The U.S. Attorney's office in Brooklyn has reached a deferred prosecution agreement to drop a conspiracy charge against Michael A. Picone, the defunct day-trading firm's one-time chief operating officer, as long as he cooperates with the government.
The agreement was made public at a court hearing in Brooklyn on Tuesday and confirmed by his lawyer and a spokesman for the U.S. Attorney's office late Tuesday.
"It's been a long three years for Mike Picone and his family," said J. Bruce Maffeo, Picone's lawyer. "It's the right result. We're happy to put this behind us and move ahead."
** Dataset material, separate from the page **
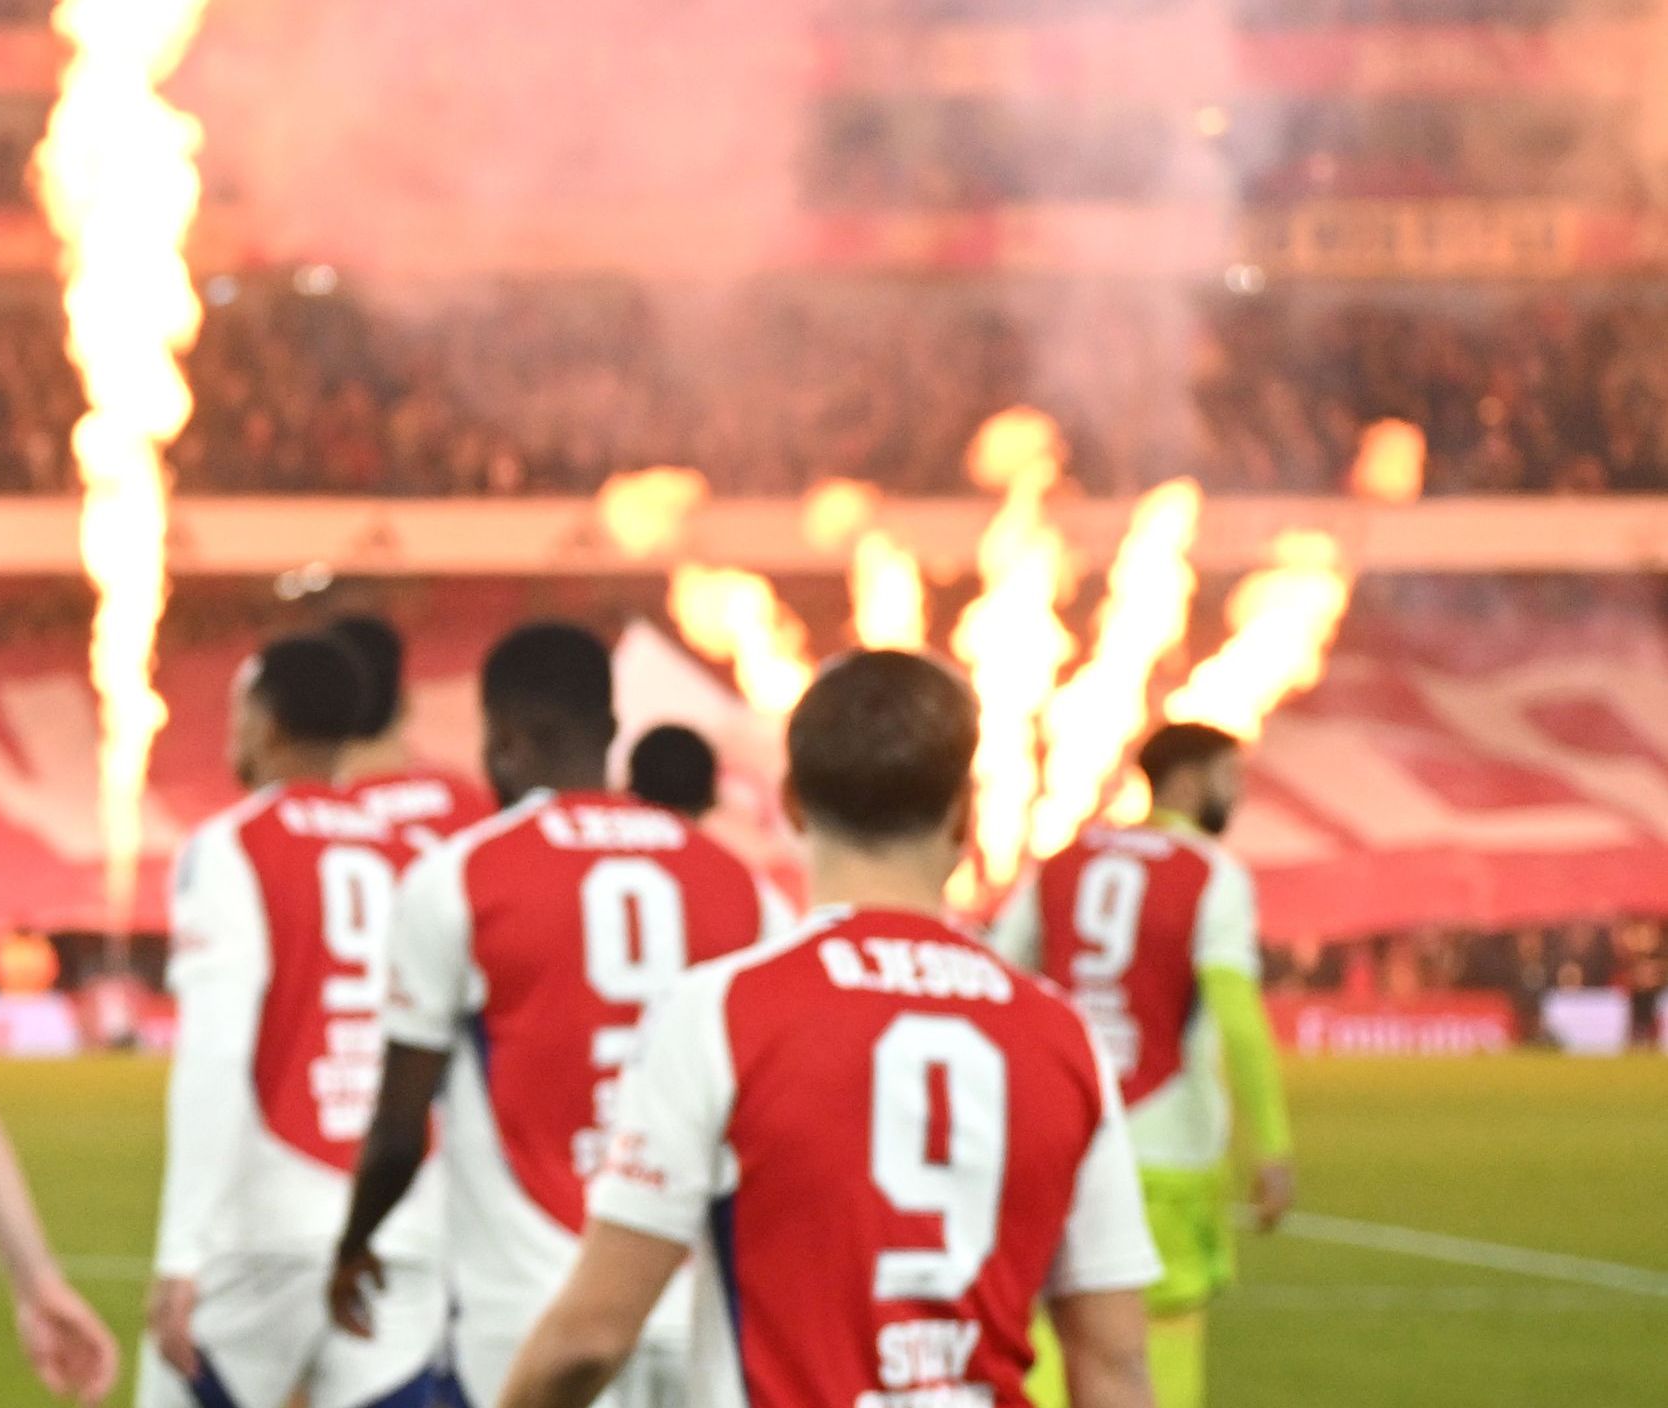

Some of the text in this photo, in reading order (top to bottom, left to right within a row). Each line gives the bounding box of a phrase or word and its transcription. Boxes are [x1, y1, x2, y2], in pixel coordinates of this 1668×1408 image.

[318, 842, 396, 1015] 9
[1070, 852, 1149, 984] 9
[870, 1012, 1008, 1301] 9
A retrial against a group of three former A.B. Watley Inc. executives and three ex-securities brokers at Bank of America Corp.'s (BAC) Merrill Lynch unit, Citigroup Inc.'s (C) Smith Barney unit and Lehman Brothers Holdings Inc. is expected to be heard beginning in February.
Maffeo said his client has been prepared to cooperate with prosecutors since the beginning of the proceedings. Maffeo said the decision on whether his client will testify at the retrial is up to prosecutors.
Prosecutors have alleged that three ex-brokers placed open telephone lines next to the internal speaker systems at their companies so that Watley day traders could secretly eavesdrop on block orders by institutional clients.
The day traders would then use that information to front-run, or improperly jump ahead of client orders, the government said. The brokers were bribed with cash and "wash" trades, transactions designed simply to generate a commission, prosecutors said.
In May 2007, a jury delivered a partial verdict in the case, and a mistrial was declared after the jury failed to reach a verdict on the conspiracy count. The jury convicted ex-Merrill Lynch broker Timothy O'Connell of witness tampering and making a false statement, but acquitted O'Connell and six others of securities fraud and other charges in the matter.
In July, the 2nd Circuit Court of Appeals said that prosecutors could proceed with a retrial of the men on a single count of conspiracy to commit securities fraud.
At the time, the appeals court also overturned O'Connell's conviction of making a false statement and ordered a new trial on that count, citing an improper instruction to the jury. The circuit upheld his conviction on a witness tampering count.
O'Connell was sentenced to a year and a day in prison on the charges last year and completed his prison term in February.
The defendants are Kenneth Mahaffy, a former Merrill Lynch and Smith Barney broker; O'Connell; David G. Ghysels Jr., a former Lehman broker; Robert Malin, A.B. Watley's former president; Linus Nwaigwe, Watley's ex-director of compliance; and Keevin H. Leonard, who at one time supervised and trained Watley's day traders.